Task description: Although the records contain pictures, only their text should be set down, exactly as written.

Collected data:
:::::

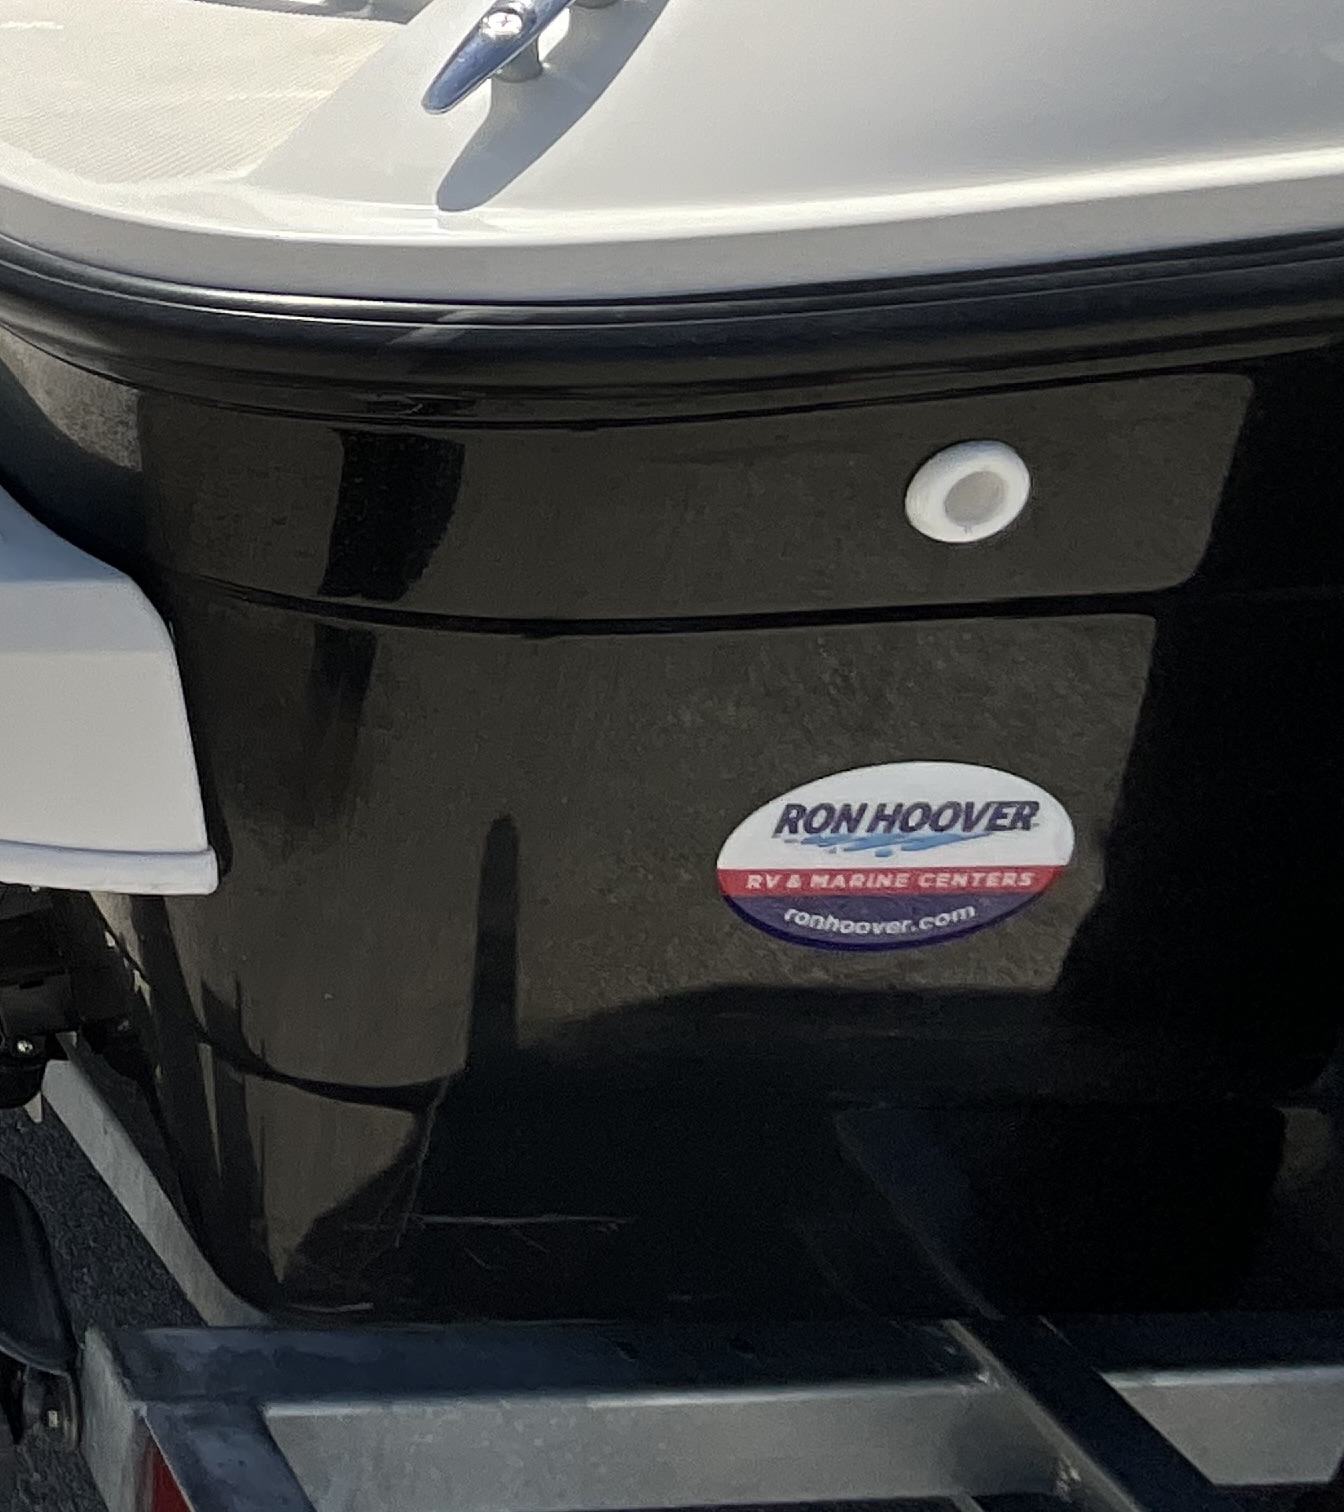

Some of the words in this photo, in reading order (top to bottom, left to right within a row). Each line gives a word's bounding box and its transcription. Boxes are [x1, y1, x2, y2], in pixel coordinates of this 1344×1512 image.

[773, 802, 868, 835] RON
[866, 800, 1041, 833] HOOVER
[745, 875, 780, 890] RV
[786, 874, 803, 889] &
[810, 873, 912, 889] MARINE
[918, 871, 1036, 888] CENTERS
[783, 904, 977, 935] ronhoover.com
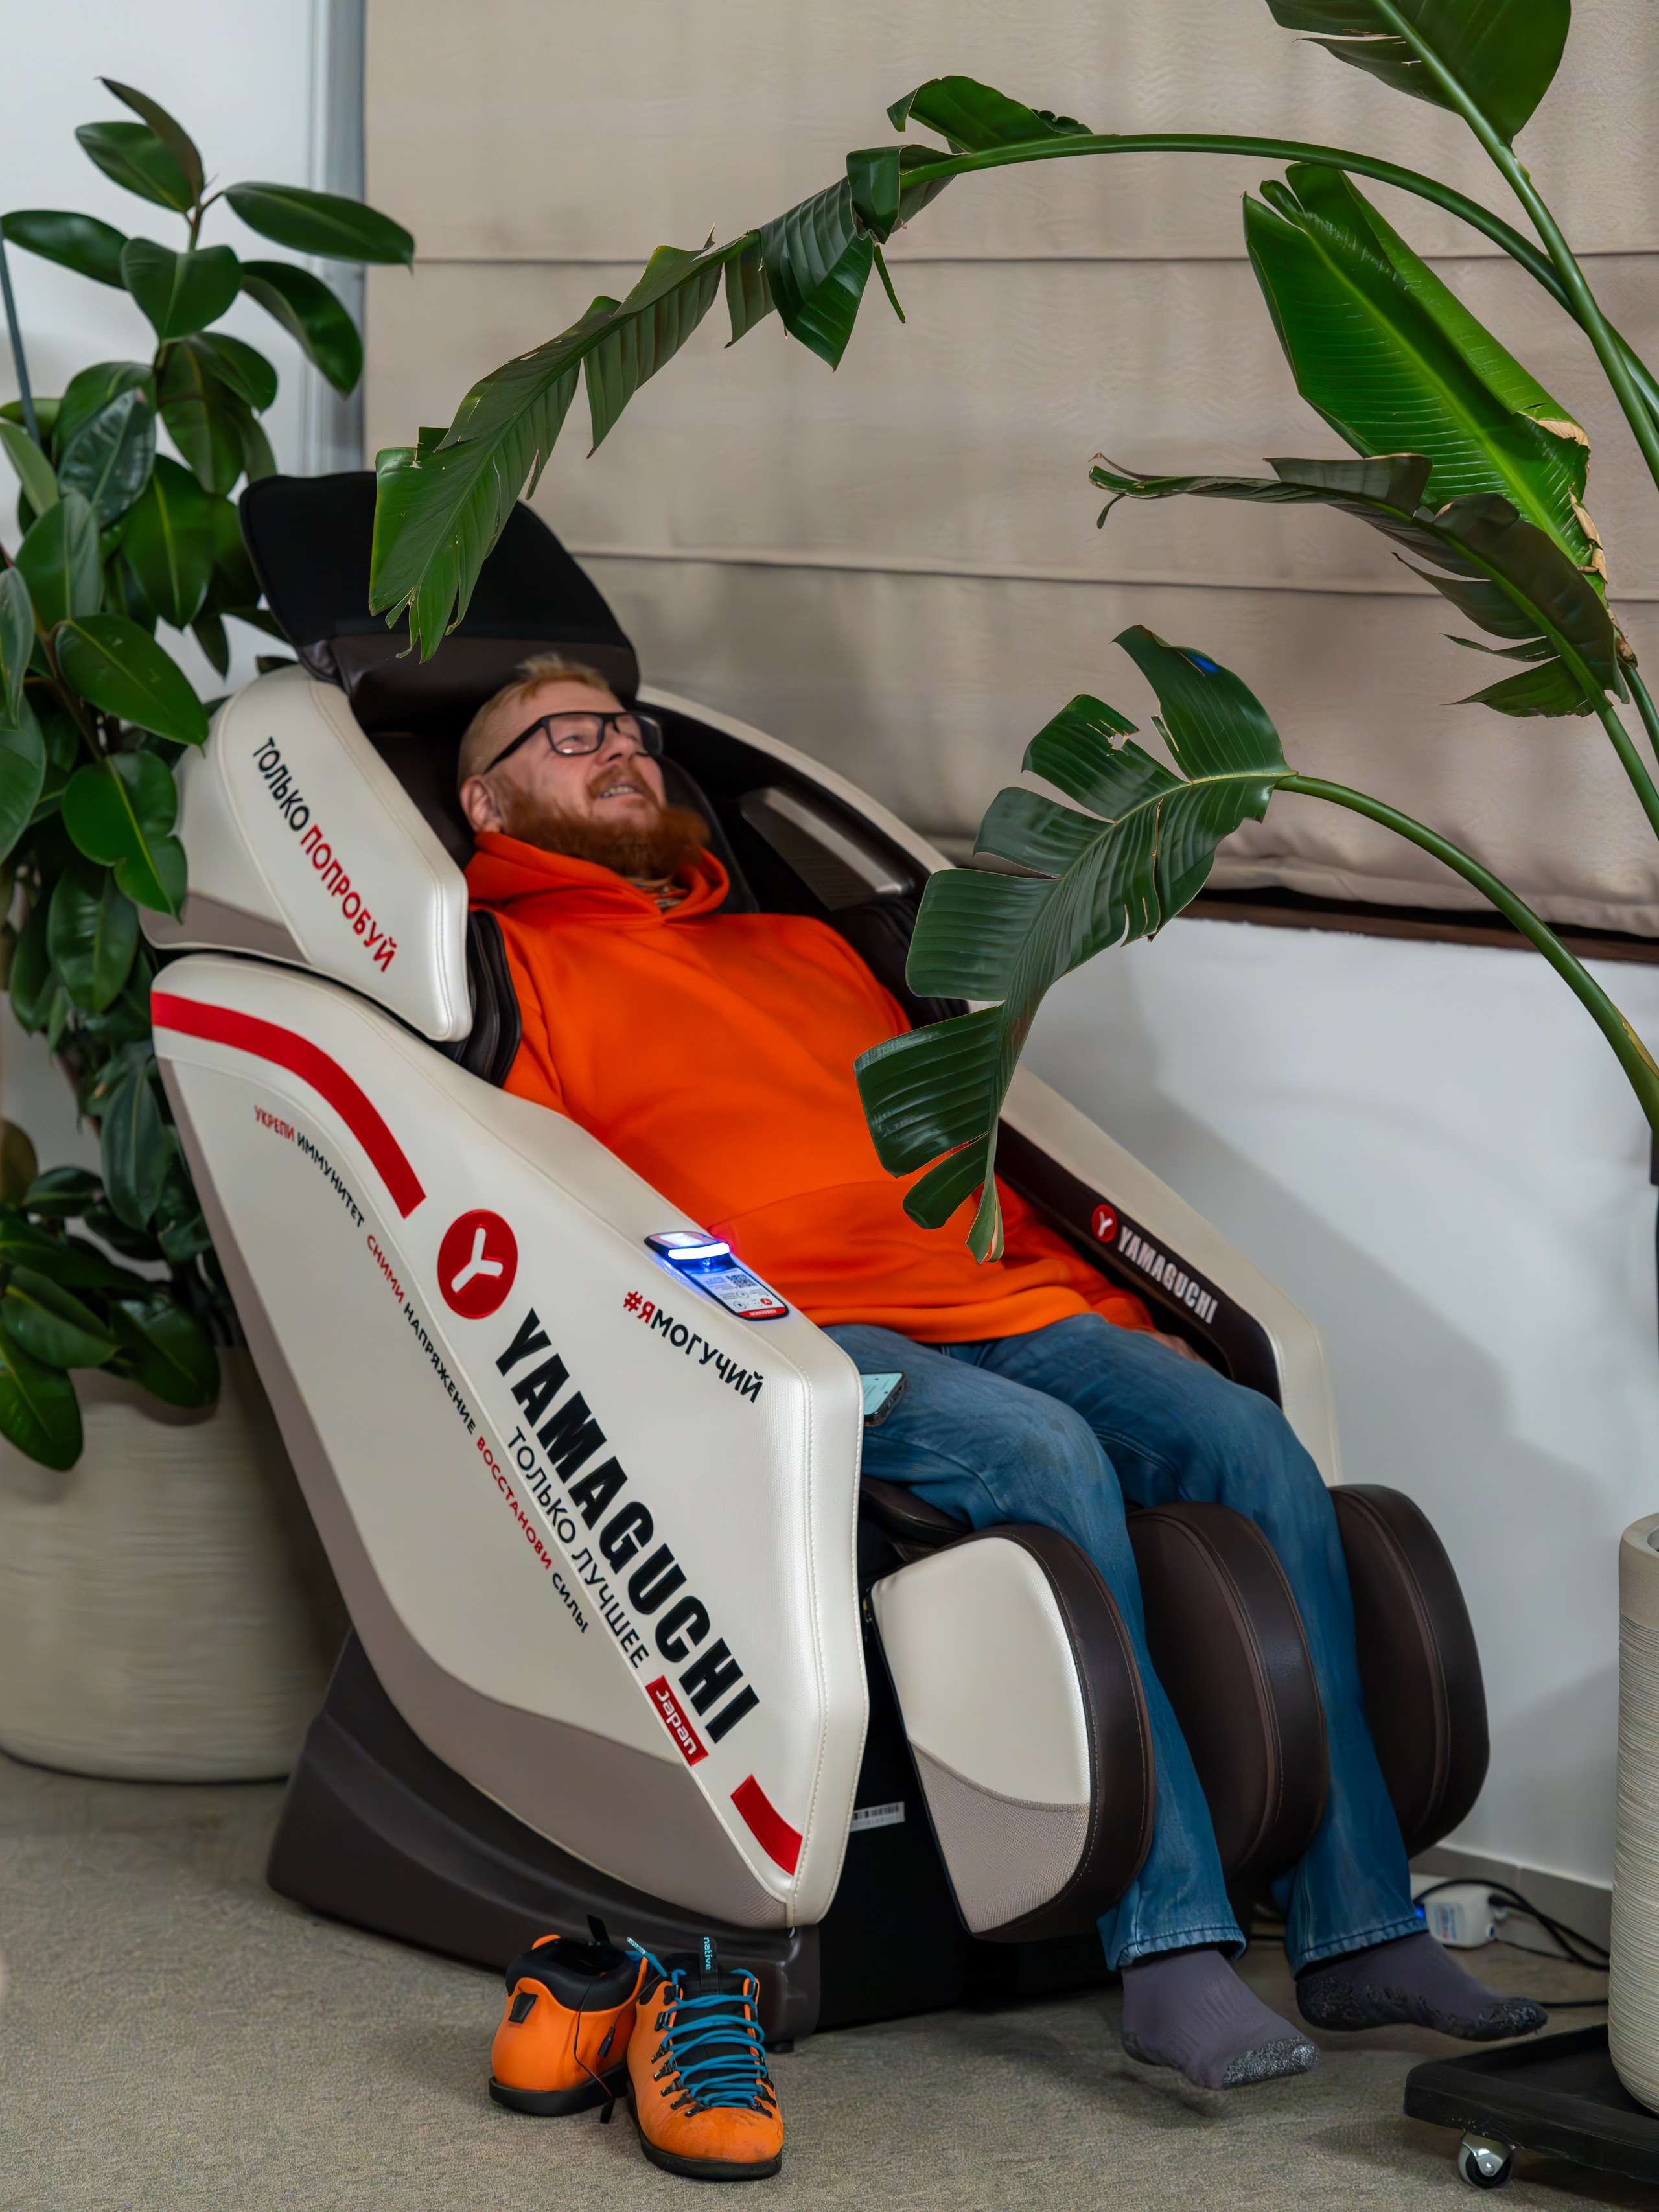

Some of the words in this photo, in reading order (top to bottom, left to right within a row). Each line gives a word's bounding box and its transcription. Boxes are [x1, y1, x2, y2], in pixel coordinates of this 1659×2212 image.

[253, 737, 309, 831] ТОЛЬКО
[300, 824, 397, 972] ПОПРОБУЙ
[623, 1291, 764, 1403] #ЯМОГУЧИЙ
[1117, 1225, 1218, 1325] YAMAGUCHI
[254, 1104, 295, 1142] УКРЕПИ
[297, 1132, 365, 1228] ИММУНИТЕТ
[367, 1234, 405, 1303] СНИМИ
[404, 1302, 476, 1435] НАПРЯЖЕНИЕ
[476, 1436, 553, 1570] ВОССТАНОВИ
[552, 1572, 589, 1633] СИЛЫ
[495, 1307, 760, 1744] YAMAGUCHI
[507, 1426, 575, 1544] ТОЛЬКО
[572, 1547, 649, 1668] ЛУЧШЕЕ
[656, 1690, 697, 1756] Japan
[703, 1937, 713, 1970] native

:::::

Answer to this task:
Some of the words in this photo, in reading order (top to bottom, left to right within a row). Each line gives a word's bounding box and its transcription. Boxes are [x1, y1, x2, y2], in pixel coordinates of this 1344×1512 image.

[773, 802, 868, 835] RON
[866, 800, 1041, 833] HOOVER
[745, 875, 780, 890] RV
[786, 874, 803, 889] &
[810, 873, 912, 889] MARINE
[918, 871, 1036, 888] CENTERS
[783, 904, 977, 935] ronhoover.com

Some of the words in this photo, in reading order (top to bottom, left to right within a row). Each line gives a word's bounding box and its transcription. Boxes are [x1, y1, x2, y2], in pixel coordinates of this 1659×2212 image.

[253, 737, 309, 831] ТОЛЬКО
[300, 824, 397, 972] ПОПРОБУЙ
[623, 1291, 764, 1403] #ЯМОГУЧИЙ
[1117, 1225, 1218, 1325] YAMAGUCHI
[254, 1104, 295, 1142] УКРЕПИ
[297, 1132, 365, 1228] ИММУНИТЕТ
[367, 1234, 405, 1303] СНИМИ
[404, 1302, 476, 1435] НАПРЯЖЕНИЕ
[476, 1436, 553, 1570] ВОССТАНОВИ
[552, 1572, 589, 1633] СИЛЫ
[495, 1307, 760, 1744] YAMAGUCHI
[507, 1426, 575, 1544] ТОЛЬКО
[572, 1547, 649, 1668] ЛУЧШЕЕ
[656, 1690, 697, 1756] Japan
[703, 1937, 713, 1970] native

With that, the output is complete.